A recent article published in Cell Reports Medicine demonstrated that Bacillus Calmette-Guerin (BCG) vaccinations might offer a platform for protection against emerging severe acute respiratory syndrome coronavirus 2 (SARS-CoV-2) variants and other pathogenic infections in type 1 diabetics.
Background
During the past 17 years, randomized clinical studies and epidemiological investigations showed that the BCG vaccine against tuberculosis protected people from numerous infections, such as upper respiratory tract infections, malaria, leprosy, bacterial, and viral infections. Additionally, the BCG vaccine might safeguard humans from immunological disorders like multiple sclerosis and type 1 diabetes.
There is a demand for effective and safe platform vaccines to immunize against SARS-CoV-2 infection and other contagious pathogens. As the SARS-CoV-2 pandemic got underway, epidemiological studies started to find a link between neonatal BCG vaccination and lower coronavirus disease 2019 (COVID-19) mortality and morbidity, even in elderly adults decades following the standard newborn vaccinations on a nation-by-nation basis. On the contrary, several global groups with various neonatal exposures, BCG strains, and other communities did not exhibit these benefits.
Since adults or newborns have never received the BCG vaccine in the United States (US), a randomized study of BCG for potential COVID-19 protection provides a clear comparison in a vaccine-naive US adult population.
About the study
In the current placebo-controlled, double-blinded, randomized phase II/III research, the scientists assessed the efficacy and safety of the multi-dose BCG vaccinations for preventing COVID-19 and other infectious illnesses in a SARS-CoV-2-unvaccinated, high-risk-community-based group, over 15 months, from 1 January 2020 to April 2021.
The authors aimed to discover whether the BCG vaccine would provide a platform vaccine approach to safeguard against a wide range of infectious diseases, such as SARS-CoV-2 infection in the at-risk population.
Type 1 diabetic adults were considered the high-risk group in the study. The team recruited 144 participants and randomly assigned 48 to placebo and 96 to BCG arms. Further, no volunteers dropped out during the 15-month research.
The present parallel trial was derived from an ongoing randomized, double-blinded study of BCG for treating long-established adult type 1 diabetes. Therefore, all participants were fully immunized with three BCG or placebo vaccinations at the SARS-CoV-2 pandemic onset in the US on 1 January 2020.
Results
The study results indicated that, contrary to antigen-specific COVID-19 vaccinations, no participants experienced any systemic side effects from BCG during the vaccination period. Localized skin reactions are a known side effect of the BCG vaccine and typically start between two and four weeks after vaccination. No excessive local responses were documented as adverse reactions. Notably, other SARS-CoV-2 vaccinations were not yet available during the timespan of the trial and had no impact on the research.
The BCG vaccine was 92% effective against SARS-CoV-2 infection, with a cumulative incidence of 1% of BCG-treated subjects and 12.5% of placebo-treated volunteers meeting the criteria for confirmed COVID-19 diagnosis based on symptoms and positive serologies. Besides, the team discovered no polymerase chain reaction (PCR)-positive symptomatic subjects in the BCG arm, i.e., 0%, compared to five symptomatic, PCR-positive participants in the placebo cohort, i.e., 10.4%.
If only the PCR data were regarded, these results demonstrated 100% efficacy for the BCG vaccine against SARS-CoV-2 infection at 0.99 posterior probability. In addition, there were no SARS-CoV-2-related deaths in either the placebo group or the BCG group.

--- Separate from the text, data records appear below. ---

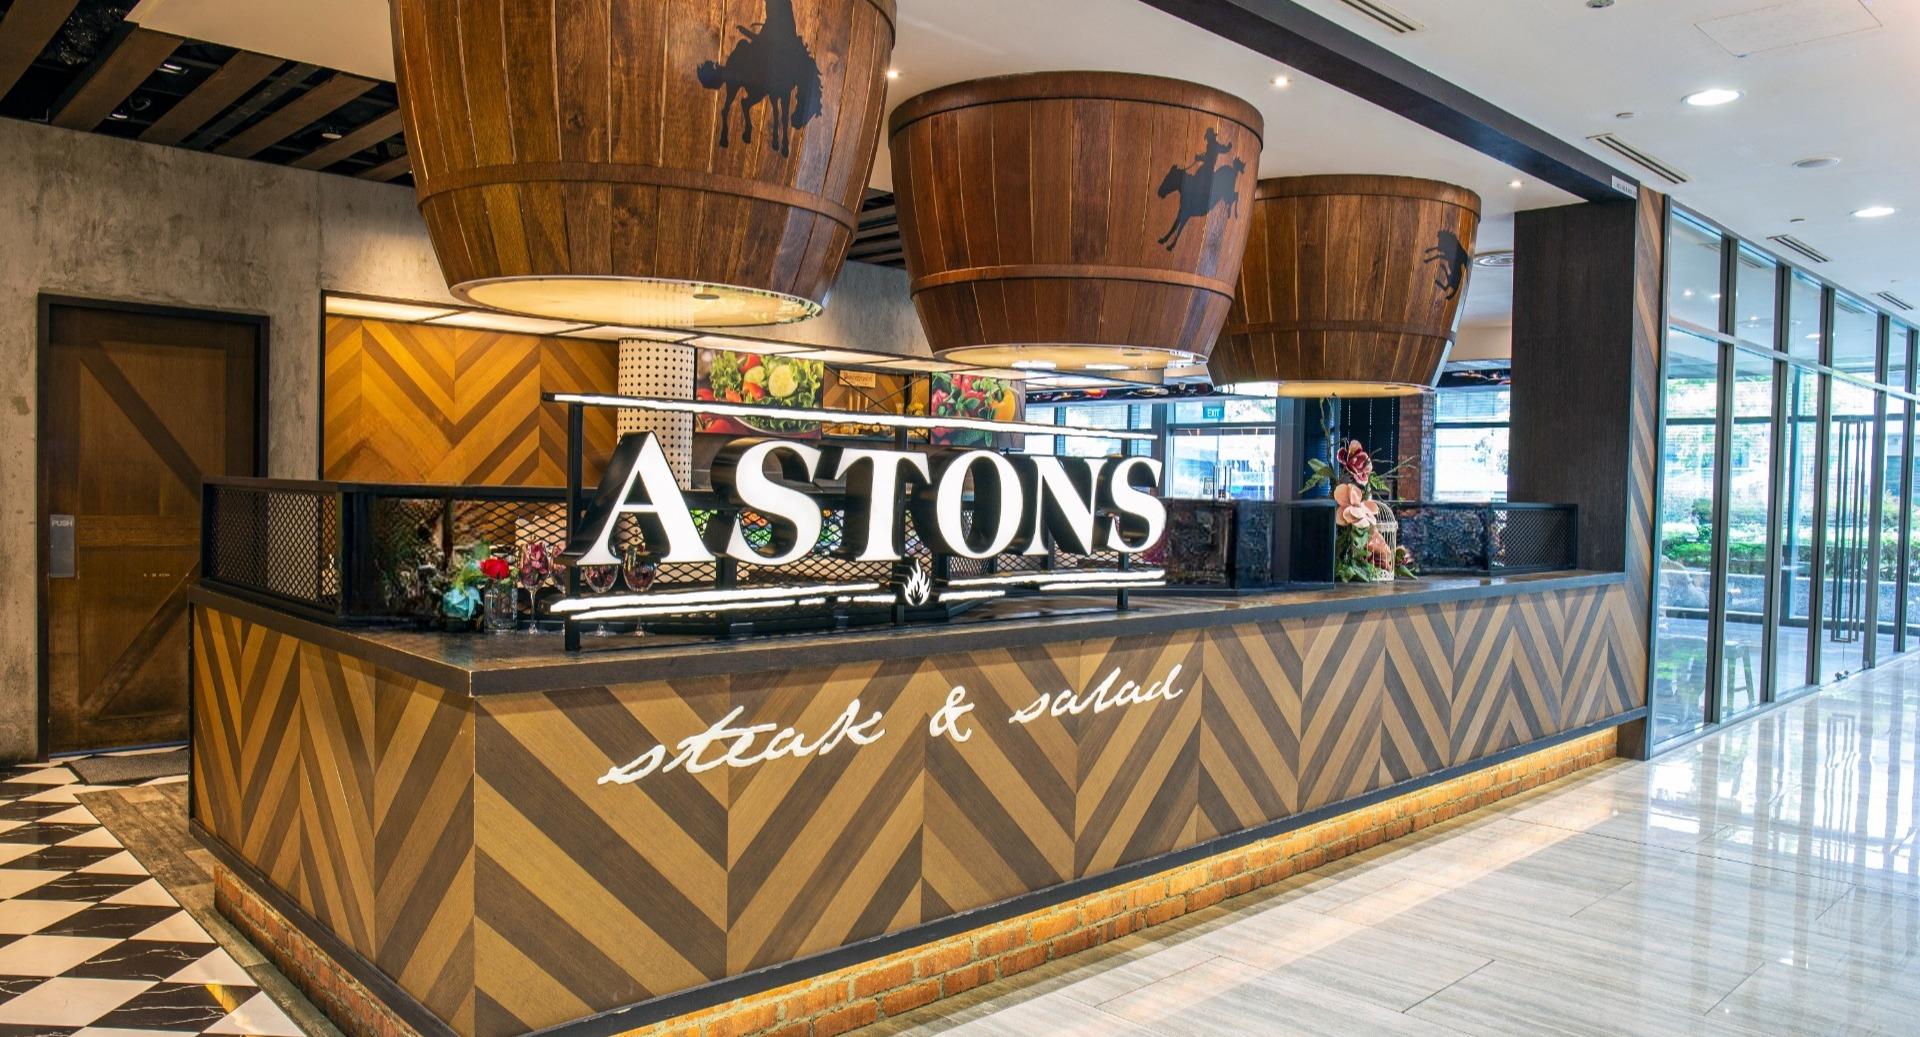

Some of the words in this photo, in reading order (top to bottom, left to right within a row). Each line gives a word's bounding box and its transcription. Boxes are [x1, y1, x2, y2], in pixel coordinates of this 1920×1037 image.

[1207, 408, 1220, 417] EXIT
[51, 519, 73, 527] PUSH
[575, 431, 1167, 566] ASTONS
[597, 699, 886, 785] steak
[928, 685, 976, 743] &
[1008, 663, 1184, 724] salad

The researchers noted that excluding the COVID-19 viral epitope II, practically all SARS-CoV-2 domains included in the heatmap comparisons exhibited a noticeably greater cumulation of antibody reactivity in the placebo cohort relative to the BCG arm. Besides, BCG vaccination decreased the duration and severity of all infectious illness symptoms versus the placebo group.
Moreover, the study data showed that all infectious illness symptoms of BCG recipients were similar to or less severe than those of their household members. On the other hand, relative to their household members, most placebo participants experienced a more severe illness. BCG recipients typically felt milder symptoms than placebo recipients or non-diabetic household controls.
Conclusions
In conclusion, the study illustrated that the BCG vaccine offers efficient protection against COVID-19 and comprehensive protection against other infectious diseases in type 1 diabetic adults in the US.

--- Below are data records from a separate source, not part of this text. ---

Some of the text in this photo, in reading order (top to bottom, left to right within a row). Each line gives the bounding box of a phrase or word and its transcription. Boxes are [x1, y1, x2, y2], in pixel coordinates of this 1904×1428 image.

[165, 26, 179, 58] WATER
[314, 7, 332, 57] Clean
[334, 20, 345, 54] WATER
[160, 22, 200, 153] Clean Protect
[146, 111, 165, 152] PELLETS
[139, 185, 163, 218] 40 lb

The study findings also depicted that the BCG vaccination was efficient, safe, cost-effective, and perhaps protective against the constantly evolving SARS-CoV-2 strain of the COVID-19 pandemic, given its extensive protection against other infections. The authors mentioned that although the efficacy of the BCG vaccine requires one to two years to manifest, the immunity might last decades.